- [Work item] Word for word, reproduce each line of the data below, omitting every image.

*** Records for this task Section Begins ***

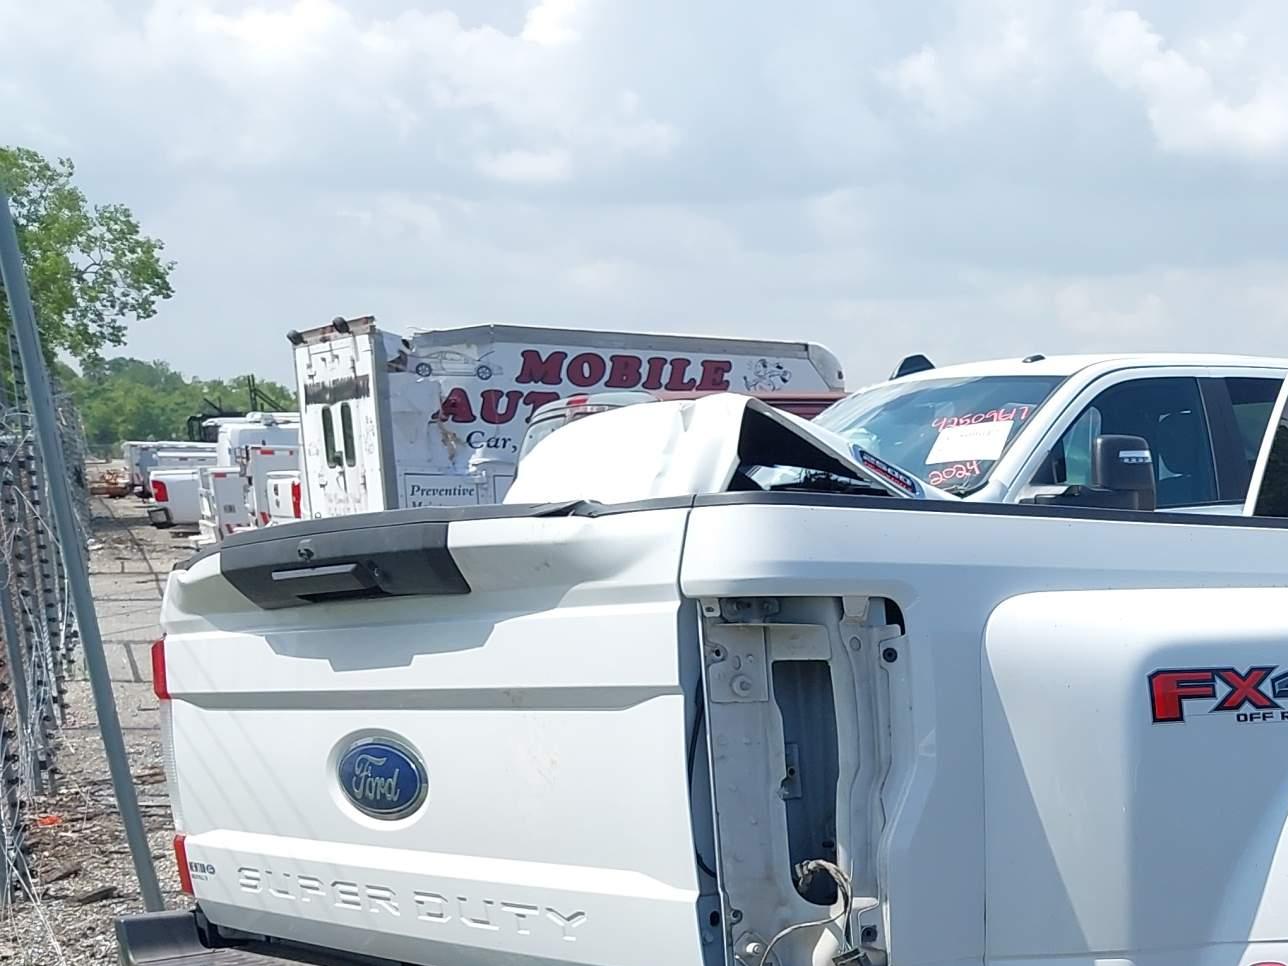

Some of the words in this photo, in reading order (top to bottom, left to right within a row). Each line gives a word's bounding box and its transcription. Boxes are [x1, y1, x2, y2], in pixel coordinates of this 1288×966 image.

[515, 349, 732, 391] MOBILE
[430, 387, 593, 425] AUT
[466, 430, 518, 453] Car,
[928, 460, 980, 486] 2024
[410, 484, 475, 497] Preventive
[1236, 711, 1275, 723] OFF
[352, 754, 401, 802] Ford
[236, 866, 400, 917] SUPER
[412, 890, 588, 941] DUTY
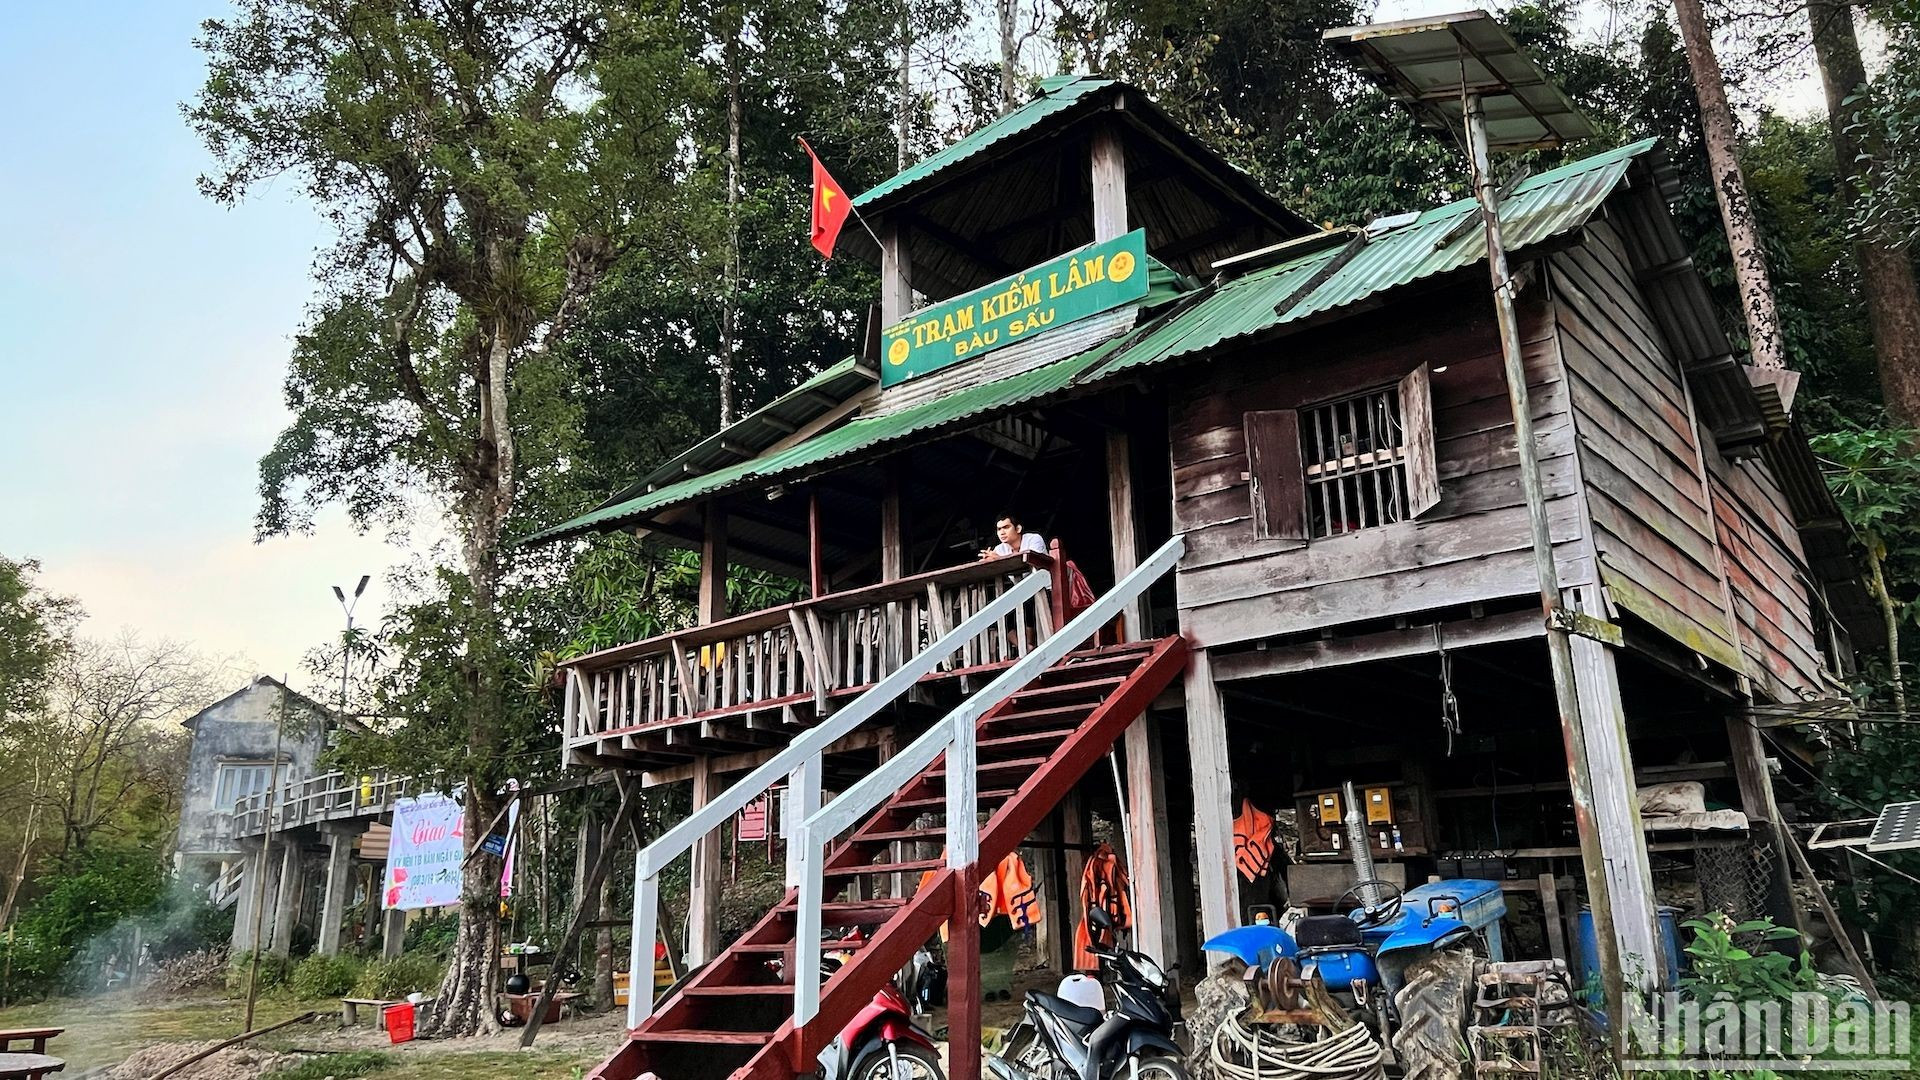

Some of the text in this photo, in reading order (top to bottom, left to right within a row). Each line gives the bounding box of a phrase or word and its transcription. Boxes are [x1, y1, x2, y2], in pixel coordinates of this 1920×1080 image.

[912, 304, 975, 348] TRẠM
[981, 275, 1042, 323] KIỂM
[1048, 255, 1105, 299] LÂM
[955, 308, 1056, 356] BÀU SẤU
[412, 813, 464, 847] Giao L
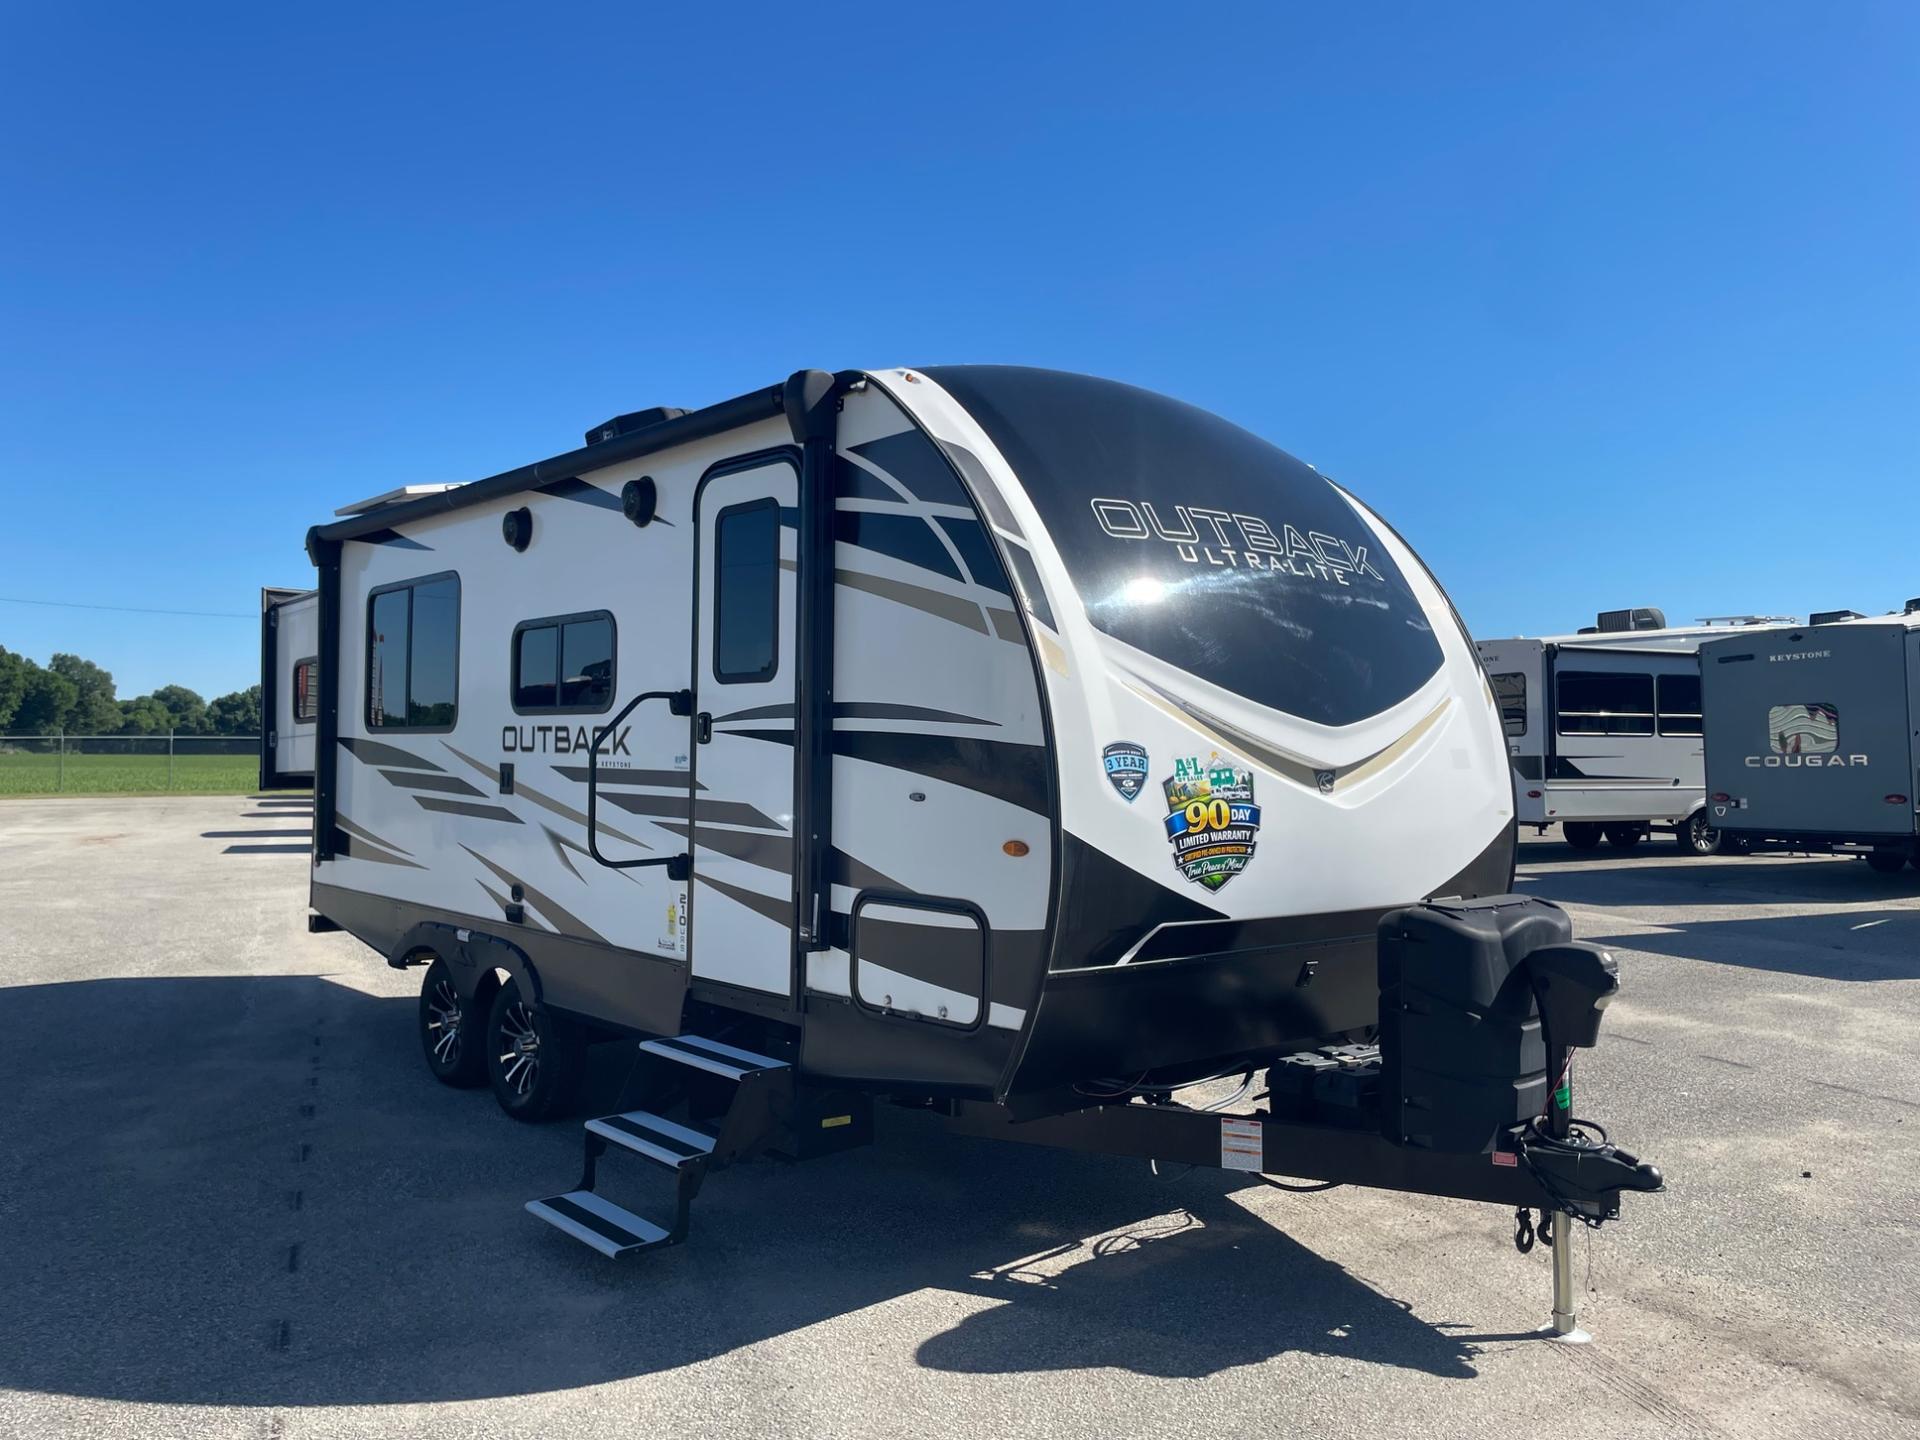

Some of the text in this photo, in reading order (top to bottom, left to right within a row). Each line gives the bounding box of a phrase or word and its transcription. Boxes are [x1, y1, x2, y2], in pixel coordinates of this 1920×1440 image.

[1090, 498, 1384, 582] OUTBACK
[1769, 650, 1831, 662] KEYSTONE
[1106, 756, 1145, 770] 3 YEAR
[1744, 754, 1868, 768] COUGAR
[1185, 799, 1251, 833] 90 DAY
[1179, 830, 1251, 849] LIMITED WARRANTY
[1185, 863, 1202, 878] True
[1202, 861, 1221, 874] Peace
[1226, 858, 1245, 870] Mind
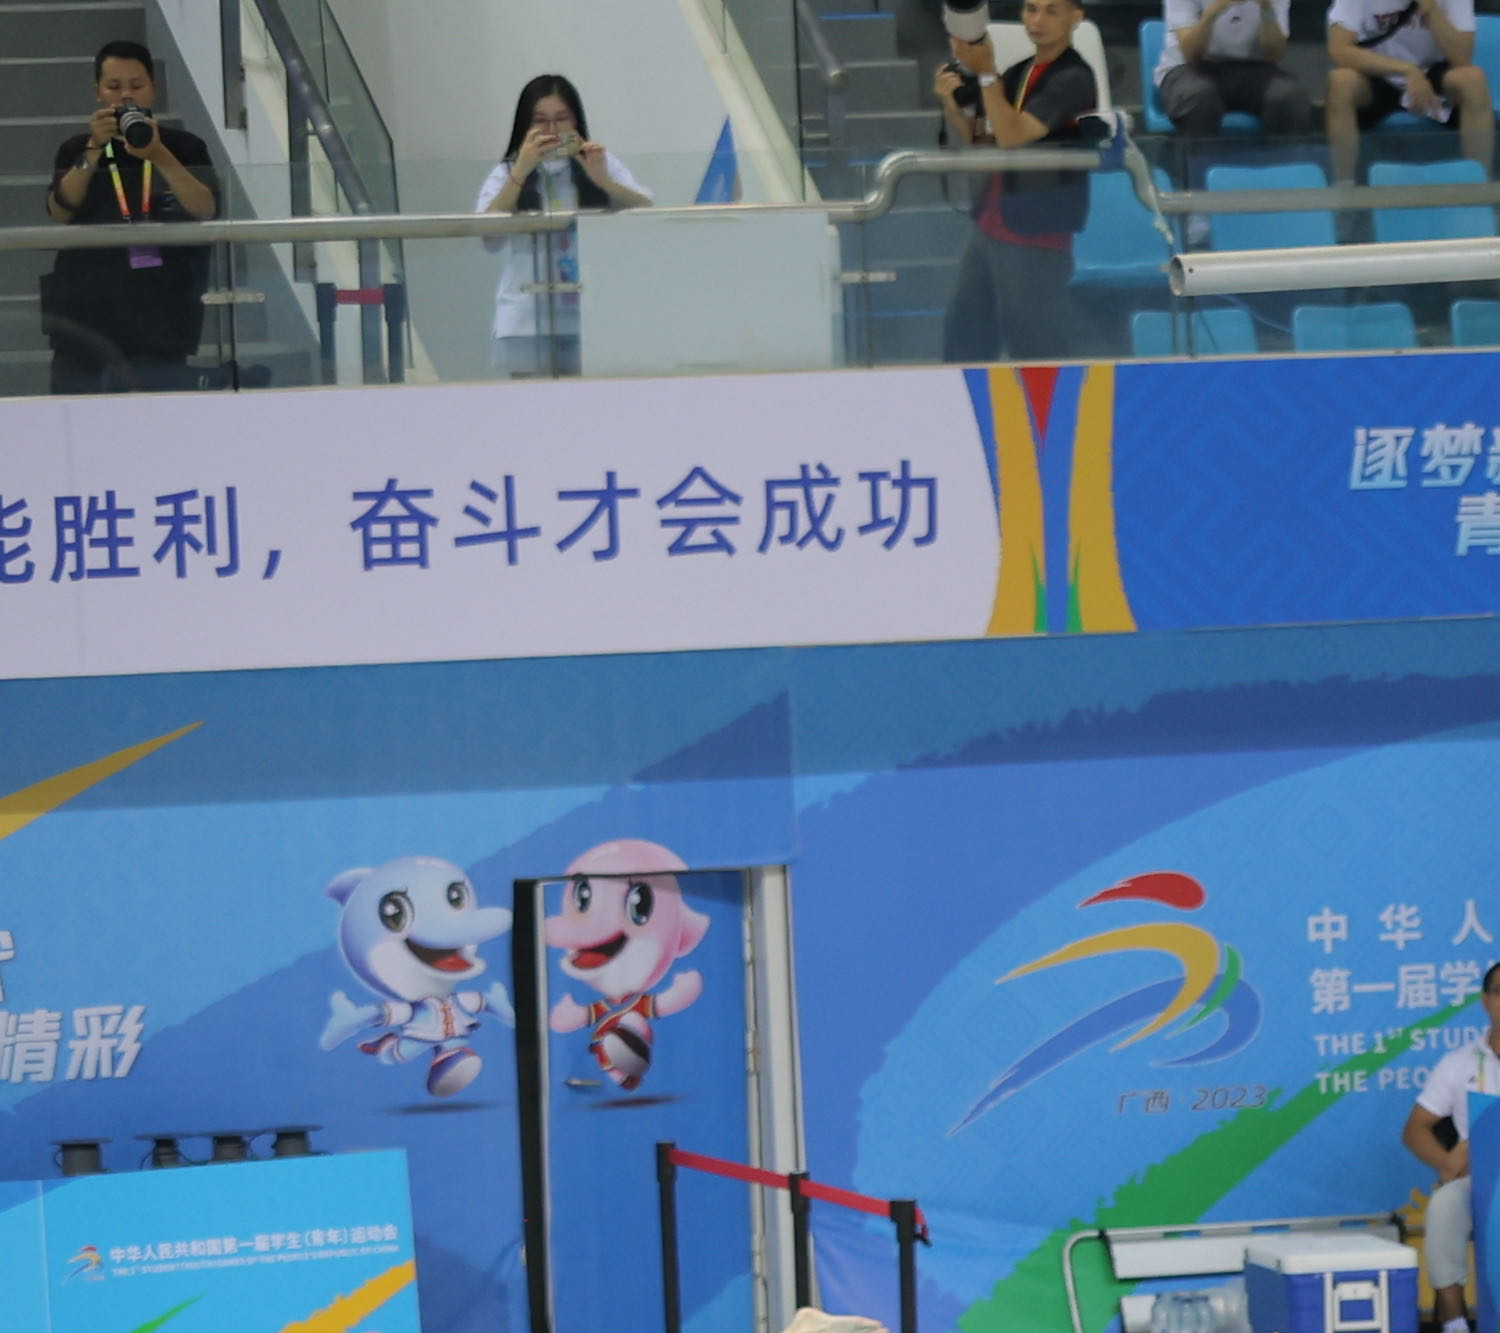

*** Records for this task Section Ends ***

- [Result below]
Some of the words in this photo, in reading order (top to bottom, left to right within a row). Each line gives a word's bounding box and its transcription. Boxes are [x1, y1, x2, y2], in pixel coordinates of this 1288×966 image.

[515, 349, 732, 391] MOBILE
[430, 387, 593, 425] AUT
[466, 430, 518, 453] Car,
[928, 460, 980, 486] 2024
[410, 484, 475, 497] Preventive
[1236, 711, 1275, 723] OFF
[352, 754, 401, 802] Ford
[236, 866, 400, 917] SUPER
[412, 890, 588, 941] DUTY

Some of the text in this photo, in reading order (top to bottom, left to right within a row). Each line gives the bounding box of a phrase or word and its transcription. Boxes are [x1, y1, x2, y2], in pixel coordinates of this 1920×1080 image.

[912, 304, 975, 348] TRẠM
[981, 275, 1042, 323] KIỂM
[1048, 255, 1105, 299] LÂM
[955, 308, 1056, 356] BÀU SẤU
[412, 813, 464, 847] Giao L

Some of the text in this photo, in reading order (top to bottom, left to right within a row). Each line gives the bounding box of a phrase or word and its transcription. Boxes are [x1, y1, x2, y2], in pixel coordinates of this 1920×1440 image.

[1090, 498, 1384, 582] OUTBACK
[1769, 650, 1831, 662] KEYSTONE
[1106, 756, 1145, 770] 3 YEAR
[1744, 754, 1868, 768] COUGAR
[1185, 799, 1251, 833] 90 DAY
[1179, 830, 1251, 849] LIMITED WARRANTY
[1185, 863, 1202, 878] True
[1202, 861, 1221, 874] Peace
[1226, 858, 1245, 870] Mind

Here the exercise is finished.